M.A. Theses: Julie Park, 2001

Food from the Heartland: The Iwawi Site and Tiwanaku Political Economy from a Faunal Perspective

Four models of Tiwanaku political economy are examined using faunal remains recovered from the Iwawi site, located within the heartland of the Tiwanaku polity. The site spans 1000BC-AD1000, providing an opportunity to examine continuities and change in the local economy from a site witness to the rise and fall of the Tiwanaku polity. Taxa, camelid species identification, camelid skeletal parts data, modified bone, age profiles and specimens exhibiting lesions or pathologies provide the basis of this analysis.

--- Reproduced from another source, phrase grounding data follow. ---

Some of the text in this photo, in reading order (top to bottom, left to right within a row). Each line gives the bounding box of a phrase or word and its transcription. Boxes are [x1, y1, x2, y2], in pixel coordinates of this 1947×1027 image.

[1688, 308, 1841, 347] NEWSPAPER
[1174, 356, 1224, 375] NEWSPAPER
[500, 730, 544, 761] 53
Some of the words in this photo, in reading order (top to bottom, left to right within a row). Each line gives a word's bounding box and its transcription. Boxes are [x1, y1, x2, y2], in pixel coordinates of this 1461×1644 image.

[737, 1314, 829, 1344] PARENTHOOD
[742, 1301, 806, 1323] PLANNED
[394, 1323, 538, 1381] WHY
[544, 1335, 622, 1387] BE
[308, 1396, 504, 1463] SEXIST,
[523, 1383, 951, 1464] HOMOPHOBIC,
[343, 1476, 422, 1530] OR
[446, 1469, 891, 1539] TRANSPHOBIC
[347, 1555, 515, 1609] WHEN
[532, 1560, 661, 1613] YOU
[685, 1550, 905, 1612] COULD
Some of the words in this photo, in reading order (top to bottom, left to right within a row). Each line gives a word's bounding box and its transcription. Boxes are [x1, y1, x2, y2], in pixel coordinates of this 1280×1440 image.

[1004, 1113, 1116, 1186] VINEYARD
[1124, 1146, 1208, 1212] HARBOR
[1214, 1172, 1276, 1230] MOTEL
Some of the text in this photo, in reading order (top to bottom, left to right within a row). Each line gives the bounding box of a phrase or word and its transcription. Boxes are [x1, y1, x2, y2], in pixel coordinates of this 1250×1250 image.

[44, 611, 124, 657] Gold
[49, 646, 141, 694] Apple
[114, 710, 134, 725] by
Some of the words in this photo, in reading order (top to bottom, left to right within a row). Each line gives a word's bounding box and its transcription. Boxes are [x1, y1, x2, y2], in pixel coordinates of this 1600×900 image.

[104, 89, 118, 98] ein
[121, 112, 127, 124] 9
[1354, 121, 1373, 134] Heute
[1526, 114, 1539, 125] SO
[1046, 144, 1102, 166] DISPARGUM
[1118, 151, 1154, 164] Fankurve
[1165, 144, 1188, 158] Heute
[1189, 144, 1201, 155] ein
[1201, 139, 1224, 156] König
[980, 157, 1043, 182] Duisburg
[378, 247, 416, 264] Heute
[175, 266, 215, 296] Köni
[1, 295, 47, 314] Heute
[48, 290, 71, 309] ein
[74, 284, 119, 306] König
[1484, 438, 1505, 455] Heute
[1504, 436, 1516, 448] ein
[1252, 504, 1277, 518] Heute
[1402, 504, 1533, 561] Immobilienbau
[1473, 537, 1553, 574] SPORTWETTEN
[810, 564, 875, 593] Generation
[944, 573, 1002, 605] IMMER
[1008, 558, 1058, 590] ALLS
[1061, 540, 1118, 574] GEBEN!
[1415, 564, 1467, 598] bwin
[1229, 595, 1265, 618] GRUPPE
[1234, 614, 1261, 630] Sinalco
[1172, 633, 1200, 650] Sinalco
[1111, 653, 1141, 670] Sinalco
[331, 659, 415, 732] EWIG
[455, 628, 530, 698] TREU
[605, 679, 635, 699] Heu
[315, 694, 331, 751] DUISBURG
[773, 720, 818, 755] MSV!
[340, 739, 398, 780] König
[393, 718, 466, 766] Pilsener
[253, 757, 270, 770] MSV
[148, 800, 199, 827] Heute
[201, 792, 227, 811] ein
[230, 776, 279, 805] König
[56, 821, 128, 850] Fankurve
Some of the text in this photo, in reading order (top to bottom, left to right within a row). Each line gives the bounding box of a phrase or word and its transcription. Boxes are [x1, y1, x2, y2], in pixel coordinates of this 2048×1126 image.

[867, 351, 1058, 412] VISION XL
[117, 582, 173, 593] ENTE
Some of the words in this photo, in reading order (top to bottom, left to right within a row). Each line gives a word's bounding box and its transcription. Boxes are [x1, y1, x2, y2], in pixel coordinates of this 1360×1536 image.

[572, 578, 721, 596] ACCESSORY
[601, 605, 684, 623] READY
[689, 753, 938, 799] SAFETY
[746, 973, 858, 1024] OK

Faunal analysis of the Iwawi sample suggests overall continuities in faunal resource use from the beginning of site occupation to the end. A diverse mixed economy included fishing, hunting, herding and collecting activities. Camelid species identification indicates large camelids, most likely llamas, were the predominate camelids used at the site - though supplemented to some degree by alpacas and vicunas. At Iwawi camelids were used for a variety of purposes that promoted community self-sufficiency. Camelids were used for cargo carrying, local meat production and consumption, wool, and as raw materials for artifact production. The absence of significant economic shifts in resource use through time suggests the Tiwanaku state did not have significant levels of economic control over the inhabitants of Iwawi.